Deakin Research

Institute for Frontier Materials



The surfaces team at IFM is involved in developing new surface treatments for metals and polymers, understanding the performance of traditional and advanced lubricants, investigating wear and friction in manufacturing processes and characterising surfaces.

The demands on materials are becoming increasingly rigorous, in many cases though, it is the properties of the material surface that hold the key to improving performance. Surfaces control the friction in a process, the wear of tools and adhesion of one surface to another. Improved understanding of interactions of surfaces can not only improve current products and processes but enable development of new technologies tailored to applications.

The majority of the surfaces research at IFM is applied, for example the development and testing of new, environmentally friendly lubricants to improve sheet metal forming and increase safety in the workplace. In many of these projects we work with technology suppliers and customers to ensure that the new processes and products find their way into the market. Many projects also use advanced characterisation methods to explore the fundamental science behind the performance of a lubricant or surface treatment. In addition to the facilities at IFM, we have an ongoing collaboration with LaTrobe University which provides access to additional advanced characterisation facilities.

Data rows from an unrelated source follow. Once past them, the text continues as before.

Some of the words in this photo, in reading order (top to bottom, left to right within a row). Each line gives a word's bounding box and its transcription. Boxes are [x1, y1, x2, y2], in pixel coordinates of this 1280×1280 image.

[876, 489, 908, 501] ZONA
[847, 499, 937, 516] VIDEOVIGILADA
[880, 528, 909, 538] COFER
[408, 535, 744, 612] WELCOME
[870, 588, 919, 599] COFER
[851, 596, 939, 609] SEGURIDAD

  • Surface treatment/Heat treatment - fluidised bed furnaces (novel diffusion treatments, conventional surface treatments)
  • Wire drawing rig - measures friction during metal wire drawing, comparison of lubricant performance
  • Crossed cylinders wear rig - wear of surfaces, performance of lubricants, comparisons of tool coatings
  • Bend Under Tension Test - simulates sheet bending in sheet metal forming, measurements of friction, comparison of lubricants
  • Glow Discharge Optical Emission Spectroscopy (GDOES) - measures elemental profiles through surfaces, quantitative analysis of coatings and surfaces
  • Nanoindentor - measures nanohardness of surfaces, can accurately place indentor to measure (for example) individual grains
  • Atomic Force Microscopy - measures surface topography


  • Optimising Paint Adhesion To Polymers, FTS Australasia Pty. Ltd. (ARC Linkage project)

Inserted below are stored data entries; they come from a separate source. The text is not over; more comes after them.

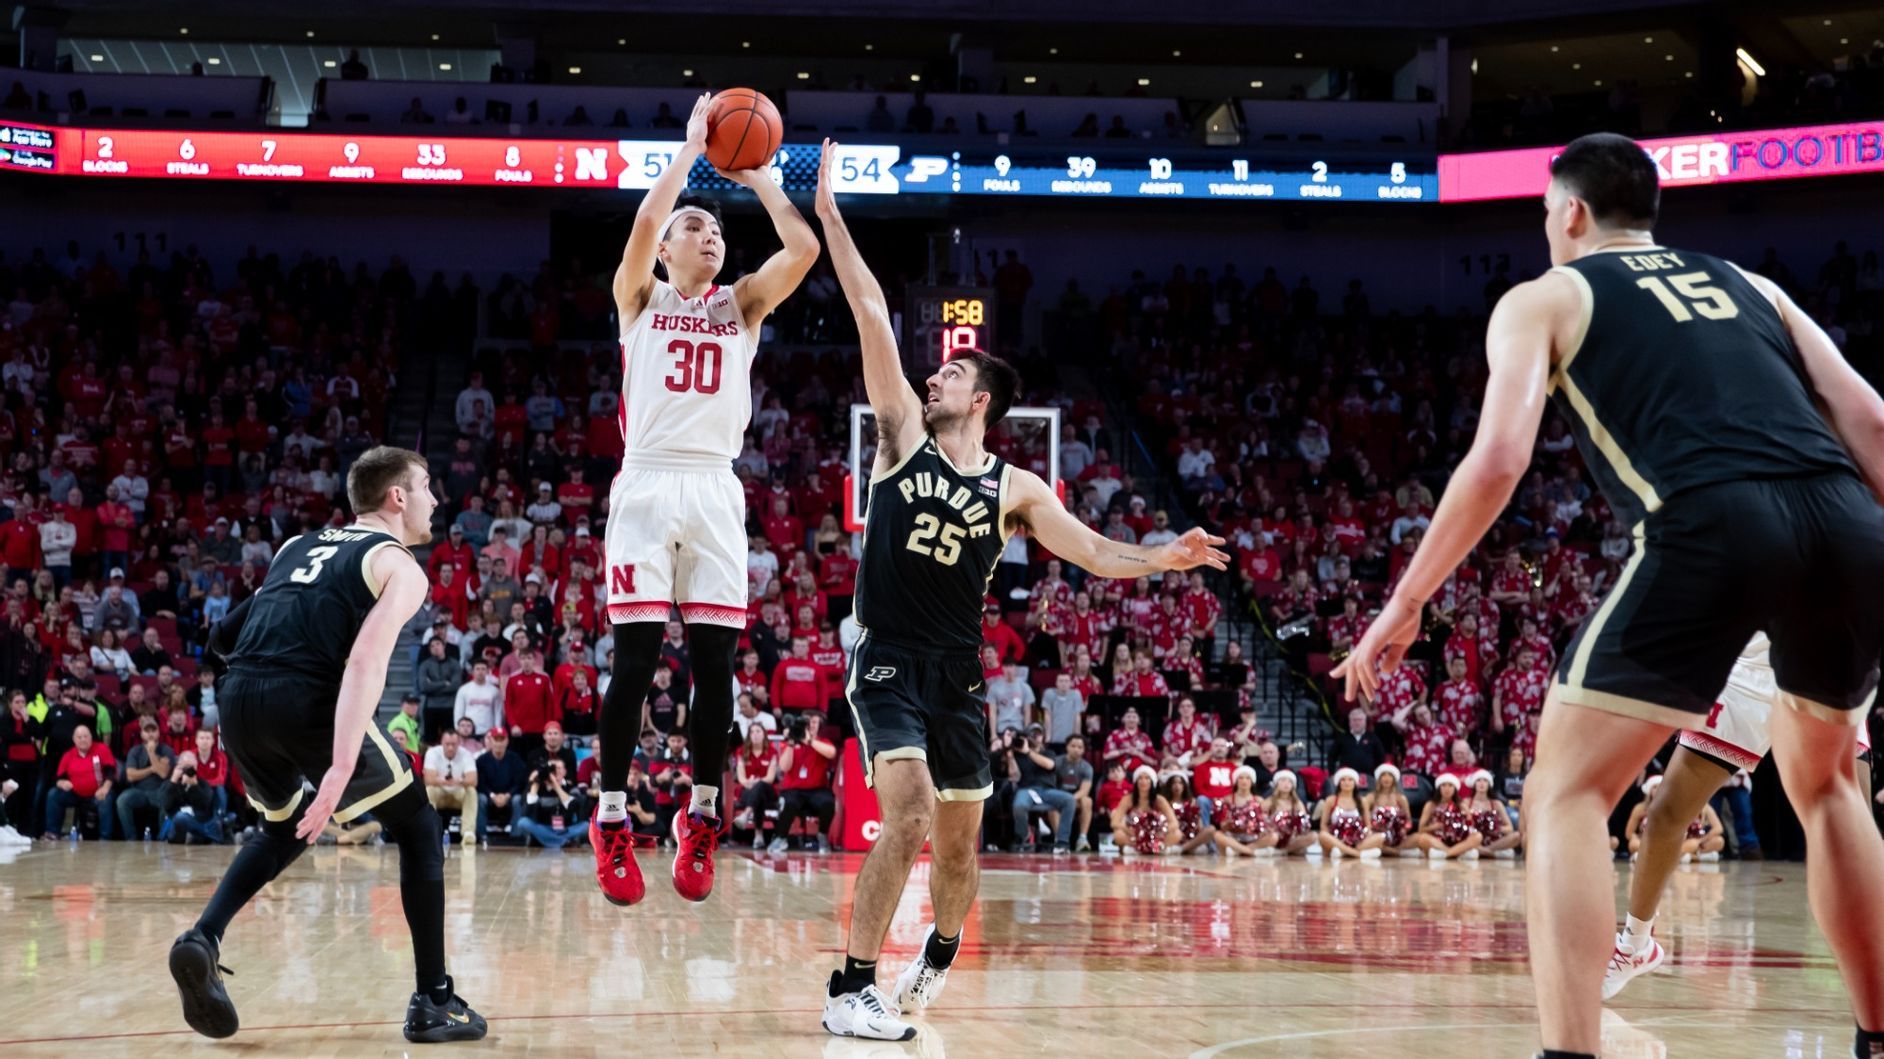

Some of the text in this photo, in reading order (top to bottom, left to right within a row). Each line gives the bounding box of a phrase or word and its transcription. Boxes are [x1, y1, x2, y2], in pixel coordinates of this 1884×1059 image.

[97, 136, 114, 158] 2
[178, 138, 196, 160] 6
[261, 139, 277, 162] 7
[343, 142, 360, 164] 9
[416, 144, 447, 166] 33
[504, 146, 521, 168] 8
[82, 160, 128, 174] BLOCKS
[166, 161, 210, 175] STEALS
[236, 163, 304, 177] TURNOVERS
[329, 166, 375, 179] ASSISTS
[401, 167, 463, 180] REBOUNDS
[494, 169, 532, 182] FOULS
[575, 148, 609, 181] N
[841, 157, 882, 183] 54
[904, 157, 949, 183] P
[994, 155, 1011, 177] 9
[1067, 156, 1097, 179] 39
[1149, 158, 1173, 180] 10
[1232, 159, 1249, 182] 11
[1311, 160, 1328, 183] 2
[1390, 162, 1407, 184] 5
[983, 178, 1020, 192] FOULS
[1051, 180, 1112, 193] REBOUNDS
[1138, 182, 1184, 195] ASSISTS
[1208, 183, 1274, 197] TURNOVERS
[1299, 184, 1342, 198] STEALS
[1377, 186, 1422, 199] BLOCKS
[1620, 252, 1686, 272] EDEY
[1636, 271, 1739, 323] 15
[943, 299, 984, 326] 1:58
[651, 313, 738, 337] HUSKERS
[665, 339, 722, 395] 30
[898, 471, 991, 539] PURDUE
[906, 512, 968, 567] 25
[290, 545, 339, 584] 3
[612, 564, 635, 595] N
[864, 666, 897, 682] P
[1209, 766, 1232, 787] N

    Automotive component manufacturers face increasing pressure to use cheap, lightweight materials such as polymers. Adhesion of paint to polymers is crucial to the performance of automotive parts, however raw polymer surfaces are difficult to paint. Using state-of-the-art facilities, this project explores the science underlying a new surface treatment process that shows great potential for improving paint adhesion to polymers. This project will lead to an understanding of how this process modifies surface chemistry and how that impacts on the quality of the polymer/paint interface. This new knowledge will assist manufacturers to implement the process more efficiently for a range of materials.

  • New Lubricants for Sheet Metal Forming, BP (ARC Linkage project)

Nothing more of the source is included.